Pilot Medical Certifications and How Mental Health is Assessed
- The FAA’s regulations require airline pilots to undergo a medical exam with an Aviation Medical Examiner (AME) every six months to five years, depending on the type of flying they do and their age.
- Aviation Medical Examiners are trained to determine the pilot’s mental health and fitness to fly.
- Before this medical exam, pilots are required to report any health professional visits during the previous three years, all medications being taken, and other medical history on their medical application form. This form includes questions about mental health.
- During this examination, pilots must disclose all existing physical and psychological conditions and medications.
- Based on the answers on the form and the examination, an AME may ask further questions about mental health conditions or symptoms.
- The AME can request additional psychological testing, or defer the application to the Office of Aerospace Medicine if he or she is concerned that further evaluation is necessary.
Additional FAA Oversight
- If the FAA receives information from another source that a pilot may have a mental health condition, the Office of Aerospace Medicine can direct the pilot to provide specific documentation and/or a psychiatric and psychological evaluation from a mental health care professional, in order to make a determination about the pilot's suitability for certification.
- If a pilot experiences an incident that appears medically related, the FAA will request additional medical information.
- In 2016, the Pilot Fitness Aviation Rulemaking Committee (ARC) provided several recommendations to the FAA about pilot medical fitness. The ARC was established to evaluate pilot mental health, after the German Wings 9525 incident. The FAA has acted on several of those recommendations, including:
- Expand training in mental health issues provided to AMEs in the AME Basic and Refresher seminars. The FAA has done this.
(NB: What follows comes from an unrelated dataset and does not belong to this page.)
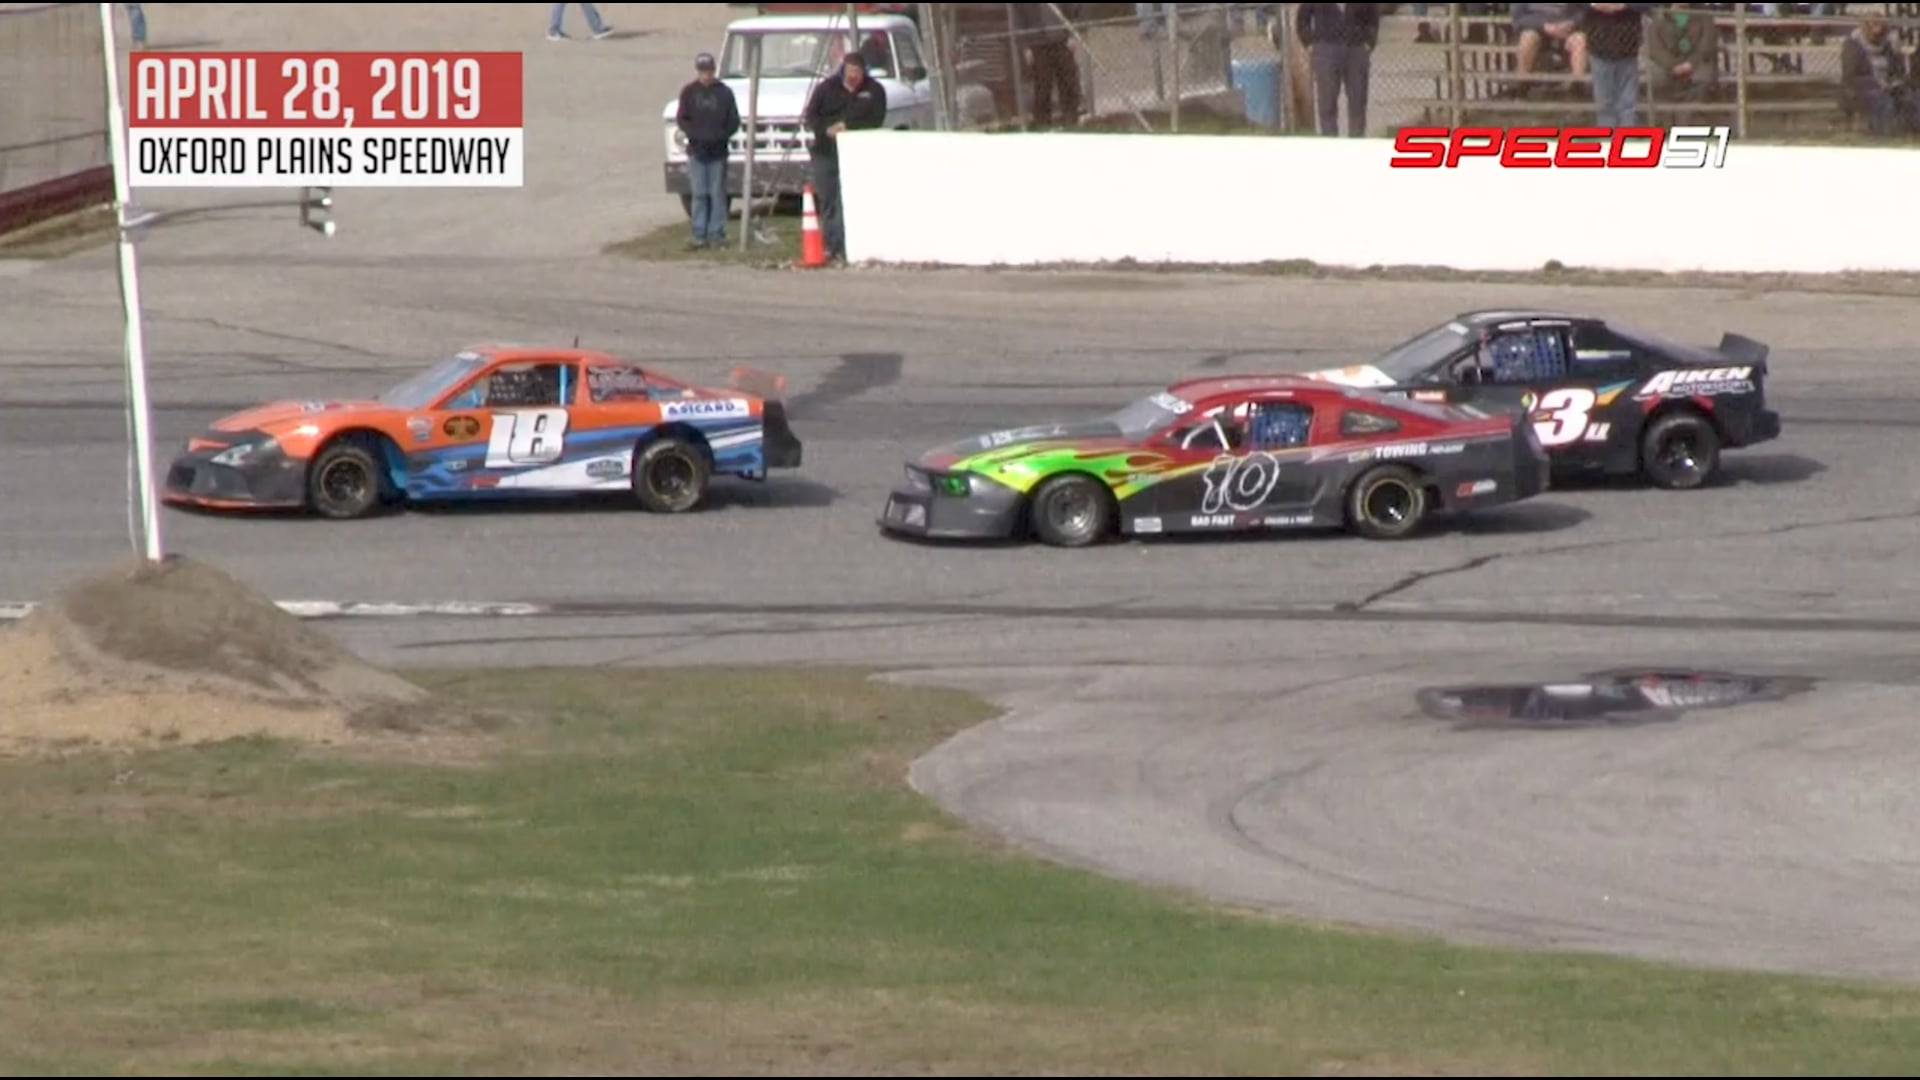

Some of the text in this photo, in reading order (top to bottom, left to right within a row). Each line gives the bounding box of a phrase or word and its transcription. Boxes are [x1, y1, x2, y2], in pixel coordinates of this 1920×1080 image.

- Encourage Pilot Peer Support programs organized by airlines and unions. The FAA has done this and also provides additional mental health training to peer support volunteers.
How the FAA is Reducing the Stigma of Mental Health, Help Pilots Receive Care
- The FAA encourages pilots to seek help if they have a mental health condition since most, if treated, do not disqualify a pilot from flying.
- However, certain medical conditions such as a psychosis, bipolar disorder and some types of personality disorder automatically disqualify a pilot from obtaining an FAA medical certificate.
- Former FAA Administrator Steve Dickson addressed pilot mental health at the University of North Dakota Mental Health Summit.
- During the last several years, the FAA has invested resources to eliminate the stigma around mental health in the aviation community so pilots seek treatment. This includes:
- Increased mental health training for medical examiners
- Supported industry-wide research and clinical studies on pilot mental health
- Hired additional mental health professionals to expand in-house expertise and to decrease wait times for return-to-fly decisions
- Initiated clinical research to address the frequency of cognitive testing in airmen on antidepressant medication
- The FAA developed a plan to support individuals on special issuance for substance dependence. The plan allows the agency to provide long-term support for pilots in recovery.